While this answer does not tell what is wrong with your approach, it presents a simpler way to render skyboxes.
Traditional way (textured cube)
A straightforward way for creating skyboxes is to render a textured cube centered to the camera position. Each face of the cube consists of two triangles and a 2D texture (or part of an atlas). Due to texture coordinates each face requires own vertices. This approach has problems in the seams of adjacent faces, where the texture values are not interpolated properly.
CubemapCube with cubemap texture
Like in the traditional way, a textured cube is rendered around the camera. Instead of using six 2D textures, a single cubemap texture is used. Because the camera is centered inside the cube, the vertex coordinates map one to one with the cubemap sampling vectors. Thus texture coordinates are not needed for the mesh data and the vertices can be shared between faces by using index buffer.
This approach also fixes the problem of seams when GL_TEXTURE_CUBE_MAP_SEAMLESS is enabled.
Simpler (better) way
When rendering a cube and the camera lies inside it, whole viewport gets filled. Up to five faces of the skybox can be partially visible at any time. The triangles of cube faces are projected and clipped to the viewport and cubemap sampling vectors are interpolated between the vertices. This work is unnecessary.

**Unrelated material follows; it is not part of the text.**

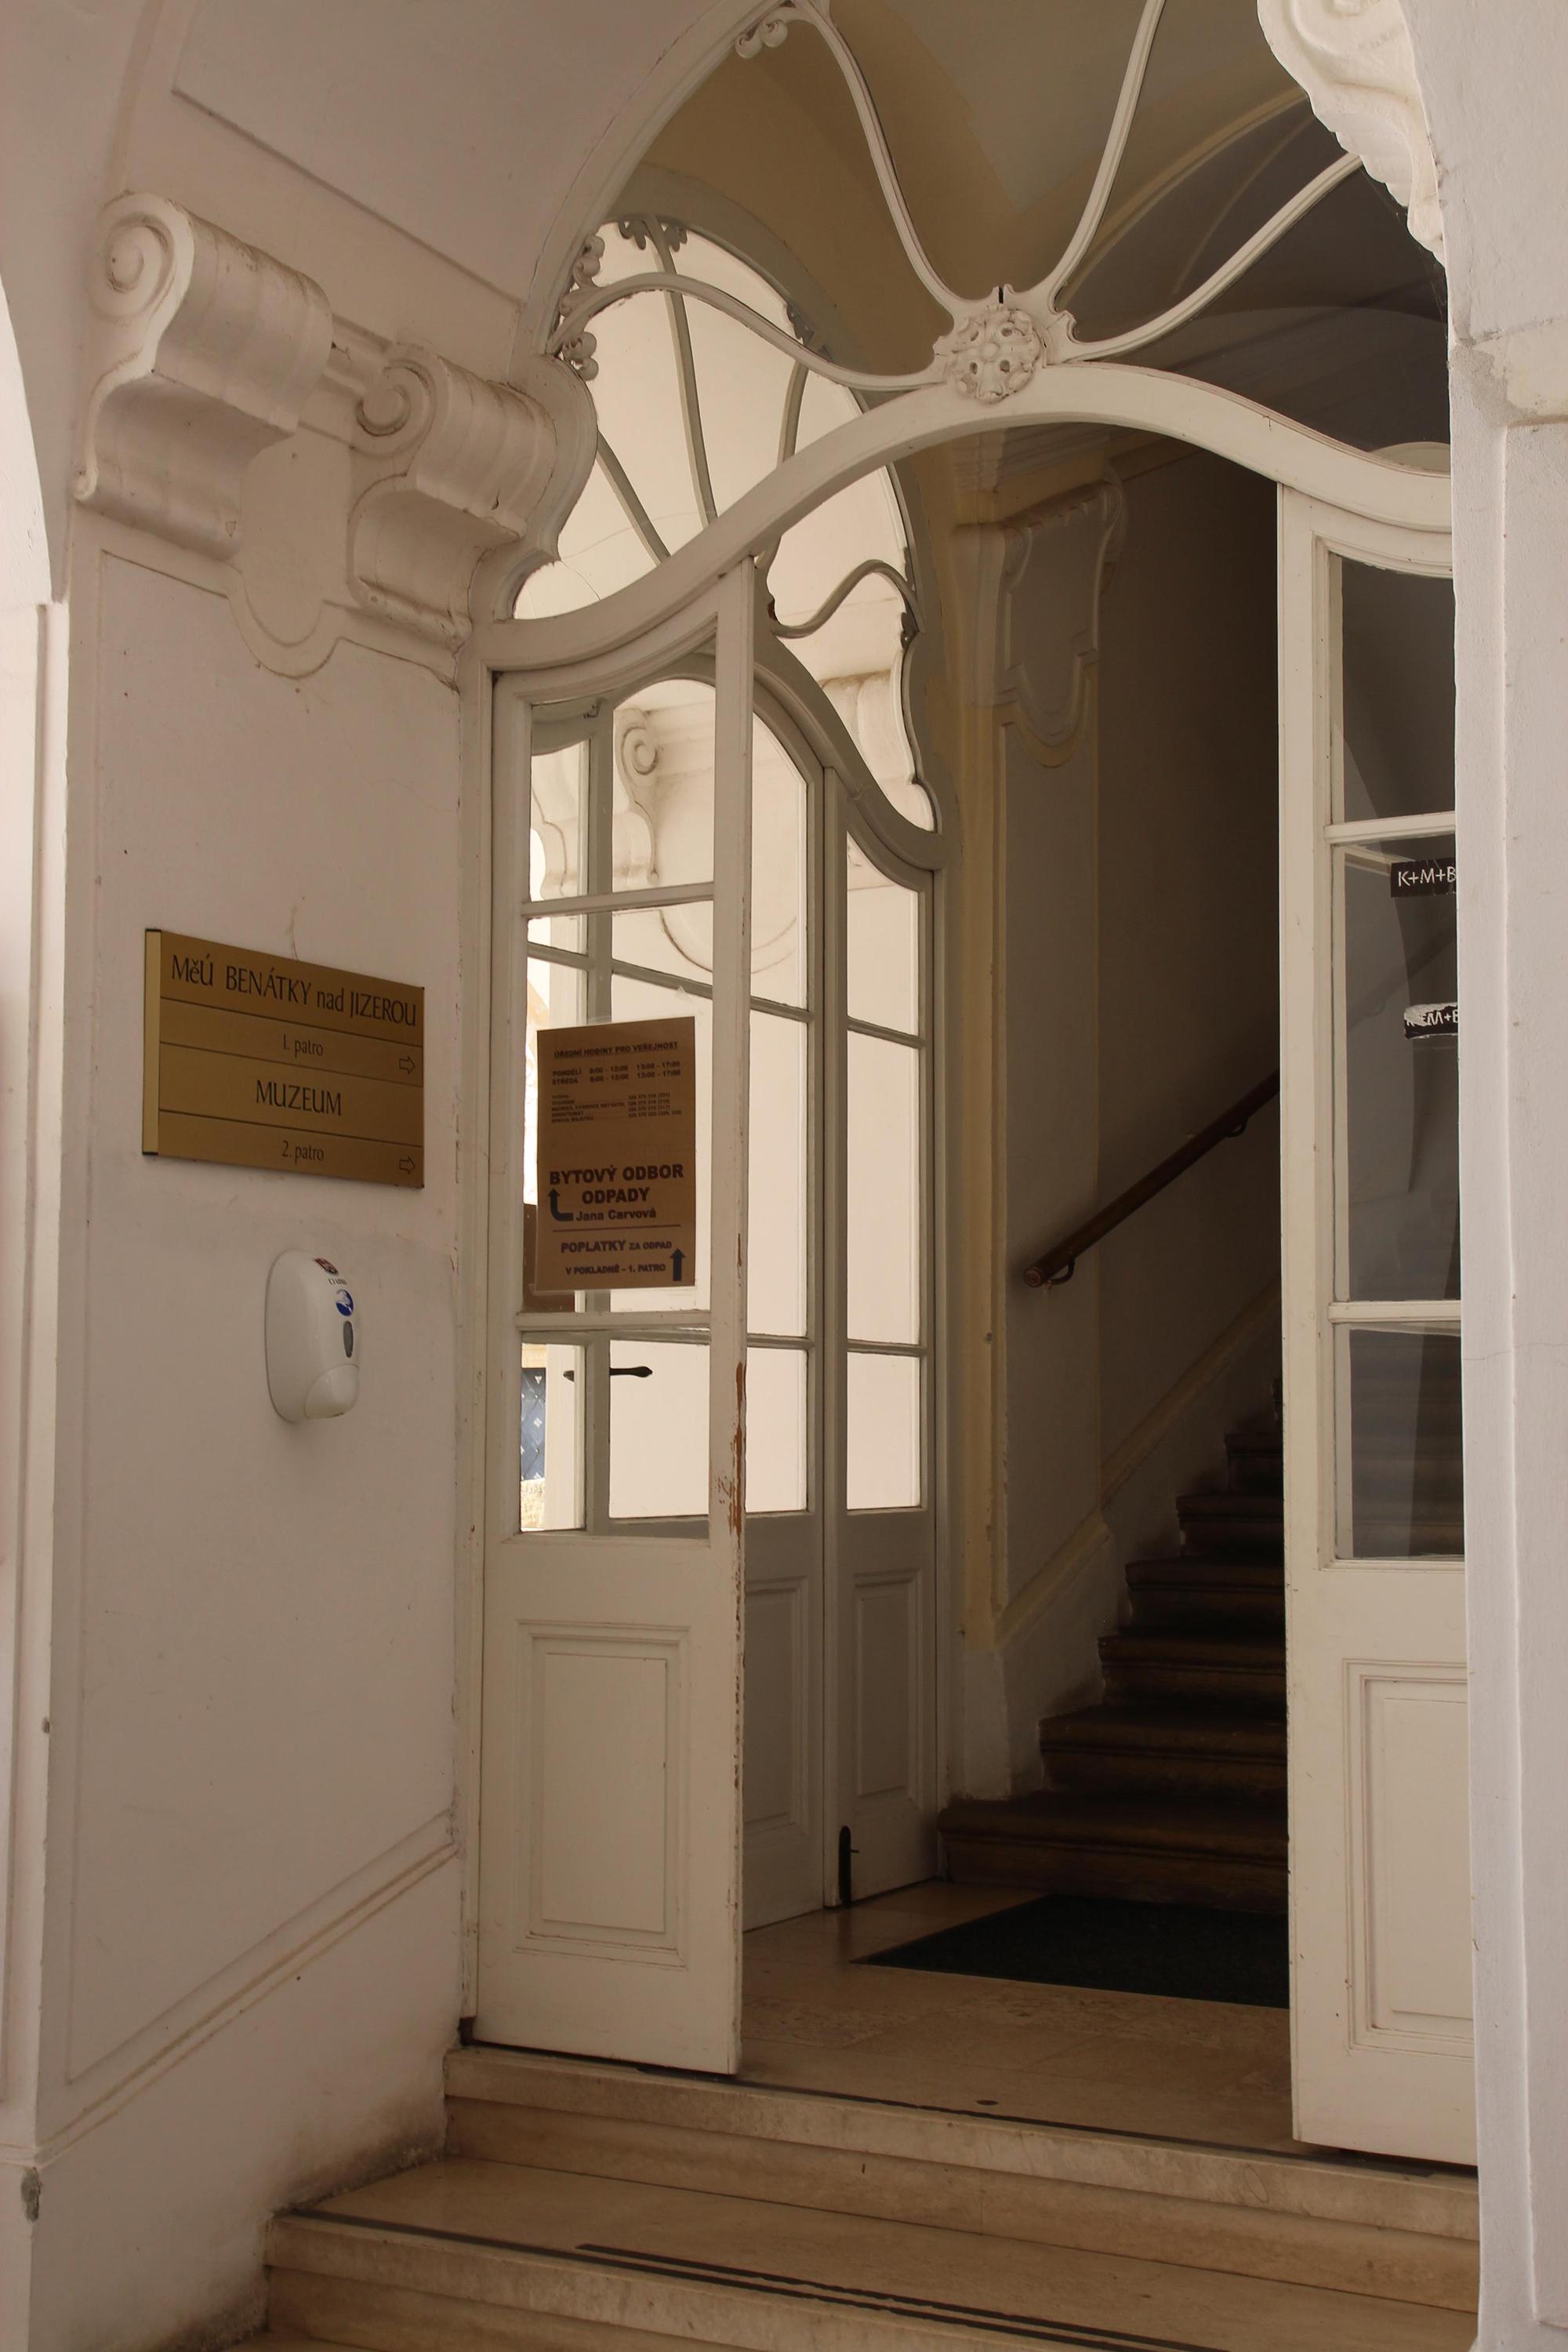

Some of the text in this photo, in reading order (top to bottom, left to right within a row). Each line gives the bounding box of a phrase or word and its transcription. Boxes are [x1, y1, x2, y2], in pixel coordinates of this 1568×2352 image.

It's possible to fill a single quad filling the whole viewport and calculate the cubemap sampling vectors in the corners. Since the cubemap sampling vectors match the vertex coordinates, they can be calculated by unprojecting the viewport coordinates to the world space. This is the opposite of projecting world coordinates to the viewport and can be achieved by inverting the matrices. Also make sure you either disable z-buffer write or write a value that is far enough.
Below is the vertex shader that accomplishes this:
#version 330
uniform mat4 uProjectionMatrix;
uniform mat4 uWorldToCameraMatrix;
in vec4 aPosition;
smooth out vec3 eyeDirection;
void main() {
mat4 inverseProjection = inverse(uProjectionMatrix);
mat3 inverseModelview = transpose(mat3(uWorldToCameraMatrix));
vec3 unprojected = (inverseProjection * aPosition).xyz;
eyeDirection = inverseModelview * unprojected;
gl_Position = aPosition;
}
aPosition is the vertex coordinates {-1,-1; 1,-1; 1,1; -1,1}{-1,-1; 1,-1; 1,1; -1,1}. The shader calculates eyeDirection with the inverse of model-view-projection matrix. However the inversion is split for projection and world-to-camera matrices. This is because only the 3x3 part of the camera matrix should be used to eliminate the position of the camera. This aligns the camera to the center of the skybox. In addition as my camera doesn't have any scaling or shearing, the inversion can be simplified to transposiontransposition. The inversion of the projection matrix is a costly operation and could be precalculated, but as this code is executed by the vertex shader typically just four times per frame, it's usually a non-issue.
The fragment shader simply performs a texture lookup using eyeDirection vector:
#version 330
uniform samplerCube uTexture;
smooth in vec3 eyeDirection;
out vec4 fragmentColor;
void main() {
fragmentColor = texture(uTexture, eyeDirection);
}
Note that to get rid of the compatibility mode you need to replace textureCube with just texture and specify the output variable yourself.